Records supplied
· · ·

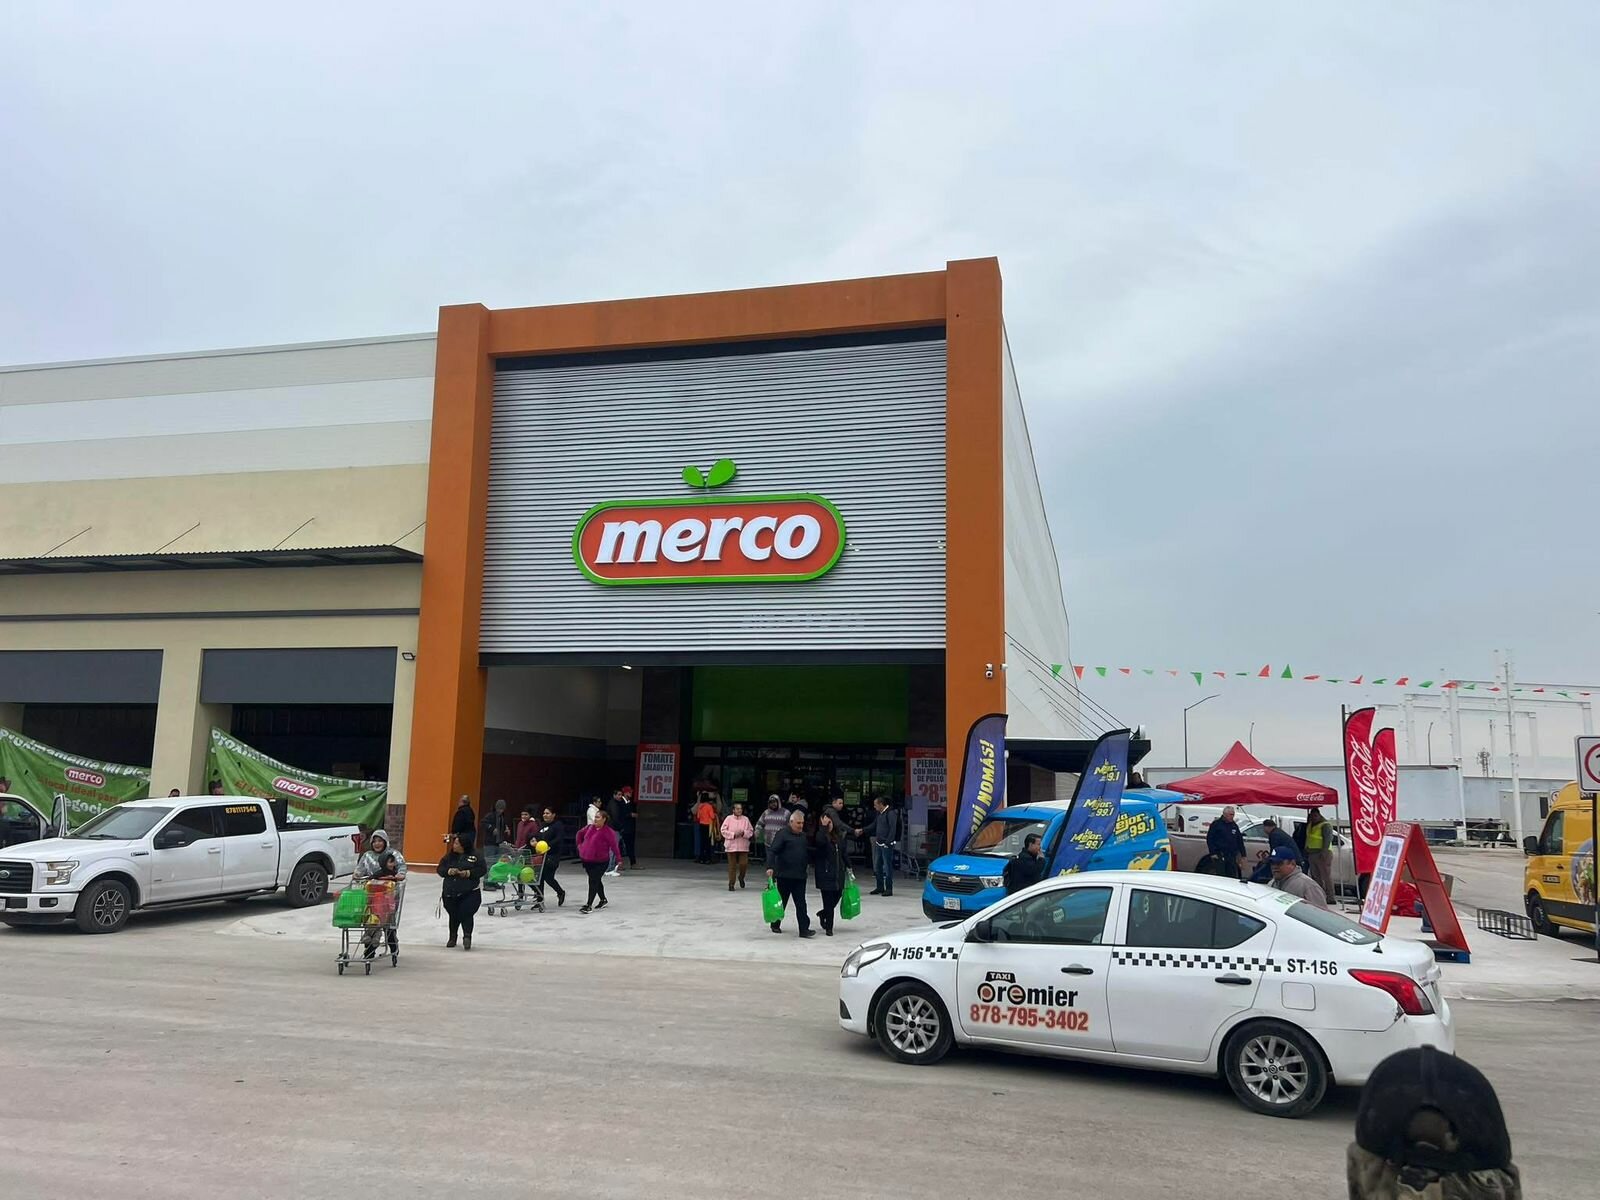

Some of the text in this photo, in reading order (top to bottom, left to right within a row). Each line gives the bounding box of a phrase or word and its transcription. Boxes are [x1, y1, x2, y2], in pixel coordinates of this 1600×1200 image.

[594, 513, 821, 565] merco
[643, 753, 673, 763] TOMATE
[916, 759, 944, 768] PIERNA
[68, 769, 103, 785] merco
[275, 779, 316, 797] merco
[1130, 818, 1155, 837] 99.1
[889, 947, 923, 960] N-156
[1287, 958, 1338, 976] ST-156
[989, 972, 1011, 981] TAXI
[970, 1003, 1089, 1032] 878-795-3402

· · ·

Try it
If a record contains a picture, leave the picture out and retype everything else exactly.

Result for this exercise
Some of the text in this photo, in reading order (top to bottom, left to right within a row). Each line gives the bounding box of a phrase or word and its transcription. Boxes are [x1, y1, x2, y2], in pixel coordinates of this 1600×1200 image.

[594, 513, 821, 565] merco
[643, 753, 673, 763] TOMATE
[916, 759, 944, 768] PIERNA
[68, 769, 103, 785] merco
[275, 779, 316, 797] merco
[1130, 818, 1155, 837] 99.1
[889, 947, 923, 960] N-156
[1287, 958, 1338, 976] ST-156
[989, 972, 1011, 981] TAXI
[970, 1003, 1089, 1032] 878-795-3402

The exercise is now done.